Mark Blake

Personal information
- Full name: Mark Anthony Blake
- Date of birth: 16 December 1970 (age 55)
- Place of birth: Nottingham, England
- Height: 5 ft 11 in (1.80 m)
- Position: Midfielder

Youth career
- Aston Villa

Senior career*
- Years: Team / Apps / (Gls)
- 1989–1993: Aston Villa / 31 / (2)
- 1991: → Wolverhampton Wanderers (loan) / 2 / (0)
- 1993–1994: Portsmouth / 15 / (0)
- 1994–1996: Leicester City / 47 / (4)
- 1996–1998: Walsall / 61 / (5)
- 1999–2001: Mansfield Town / 83 / (9)
- 2001–2002: Kidderminster Harriers / 24 / (4)
- Total:  / 263 / (24)

International career
- 1990–1991: England U21 / 9 / (1)

= Mark Blake (footballer, born 1970) =

English footballer

Mark Anthony Blake (born 16 December 1970) is an English former professional footballer who played as a midfielder.

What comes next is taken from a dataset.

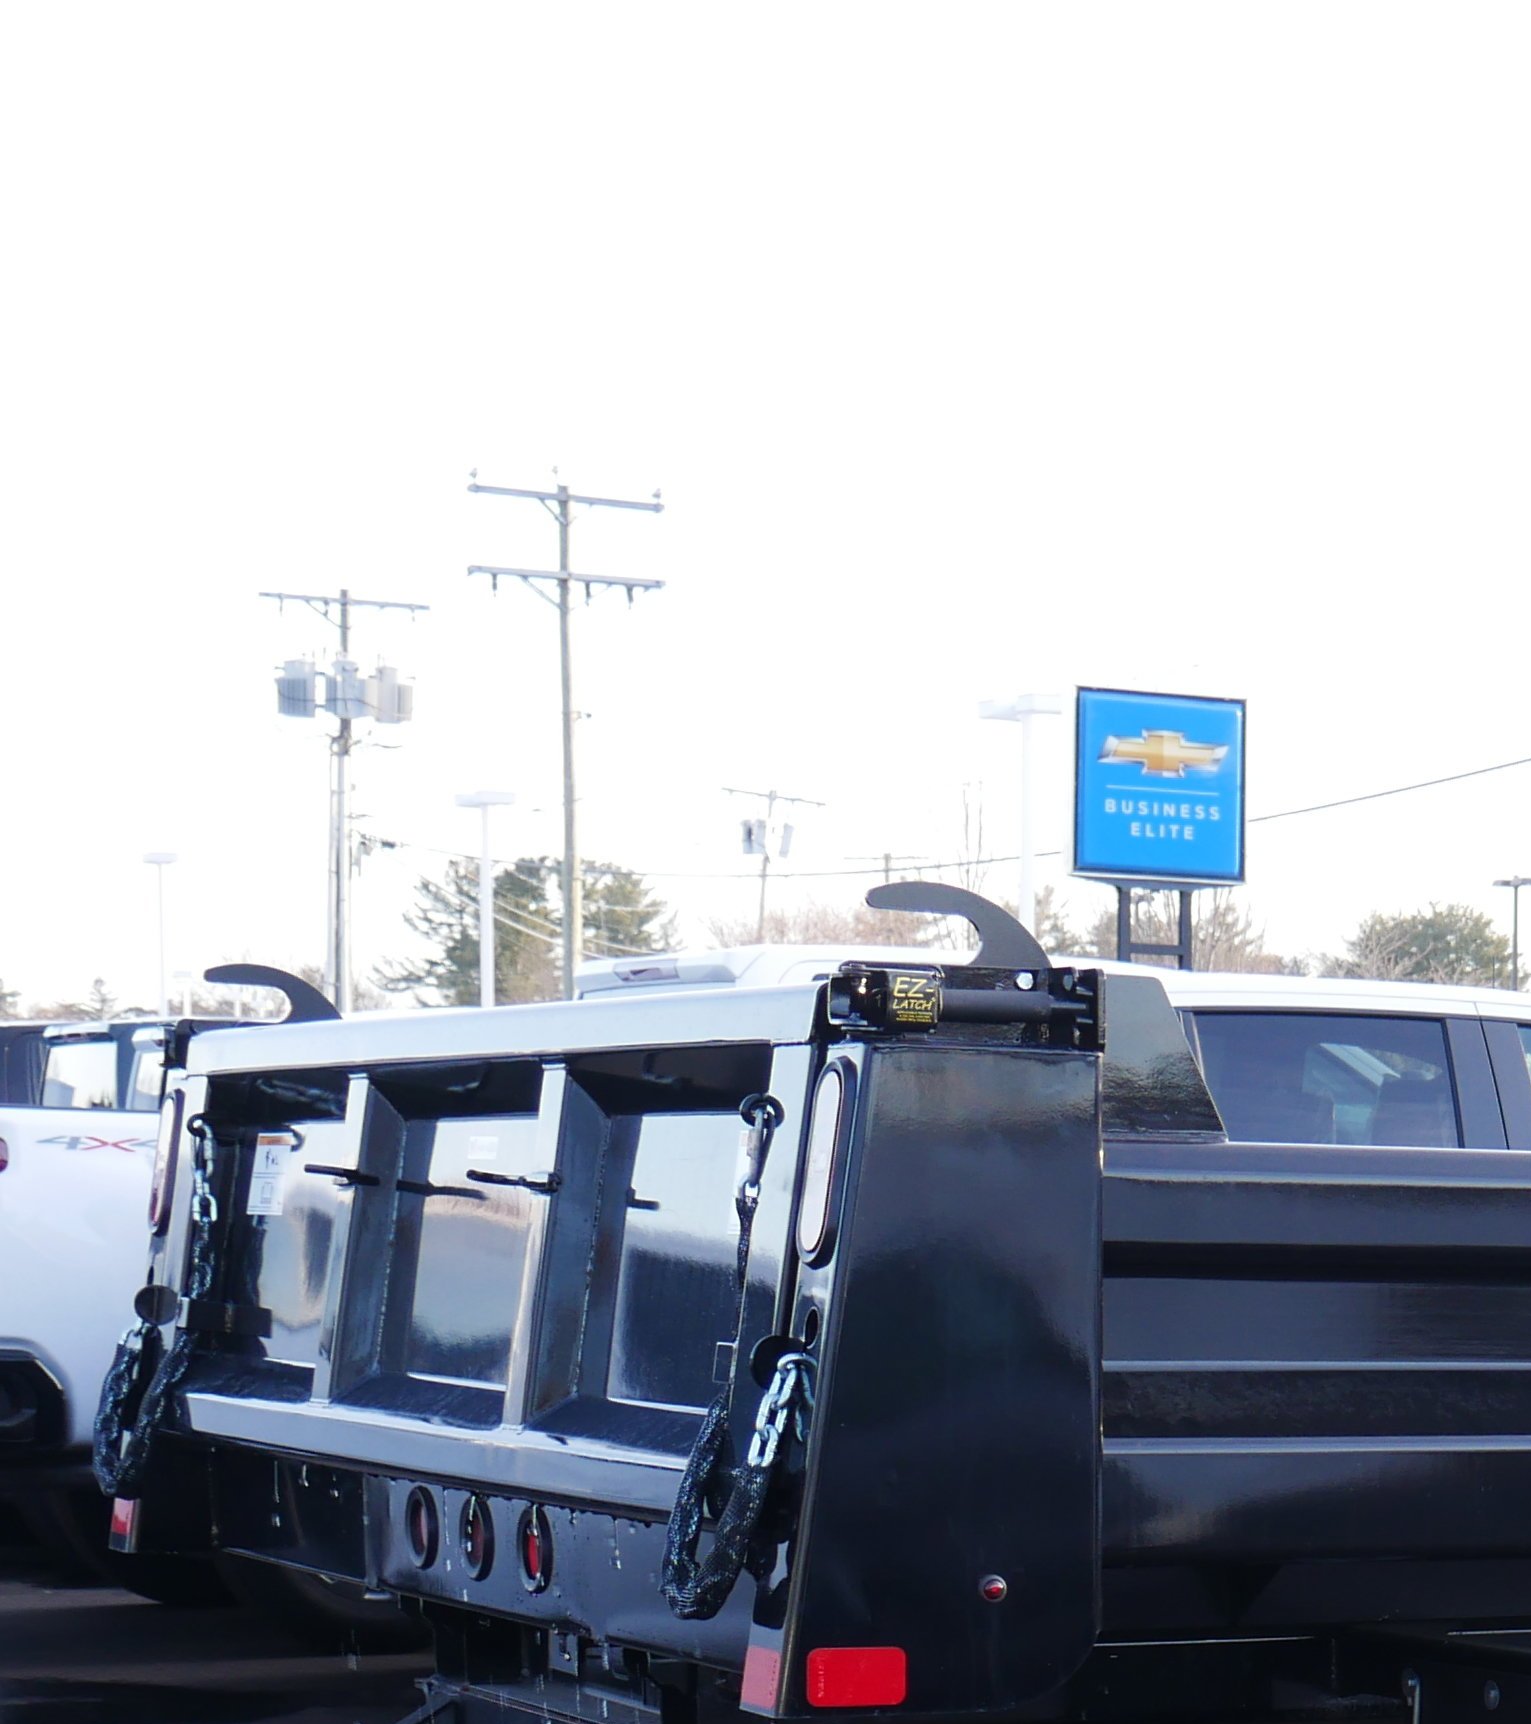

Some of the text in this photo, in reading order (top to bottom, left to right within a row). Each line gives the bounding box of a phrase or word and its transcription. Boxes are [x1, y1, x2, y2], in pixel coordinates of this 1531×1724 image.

[1104, 798, 1221, 821] BUSINESS
[1130, 822, 1194, 840] ELITE
[893, 976, 935, 998] EZ-

He notably played in the Premier League for both Aston Villa and Leicester City, as well as in the Football League for Wolverhampton Wanderers, Portsmouth, Walsall, Mansfield Town and Kidderminster Harriers.

==Career==
Blake started out as a trainee at Aston Villa, where he played a total of 31 games, scoring two goals. He had a brief loan spell at Wolverhampton Wanderers during early 1991, before leaving Villa for Portsmouth in August 1993 for £400,000.

He played just 15 games for Portsmouth before he returned to the Midlands less than eight months later when Leicester City paid £360,000 for him in March 1994 on transfer deadline day, two months before they won promotion to the Premier League.

He made 47 appearances for Leicester in two years before he dropped through the leagues to join Walsall. He spent two seasons at Walsall before his contract expired and he signed for Mansfield Town in August 1999. After two seasons and 83 league games he made his final move to Kidderminster Harriers.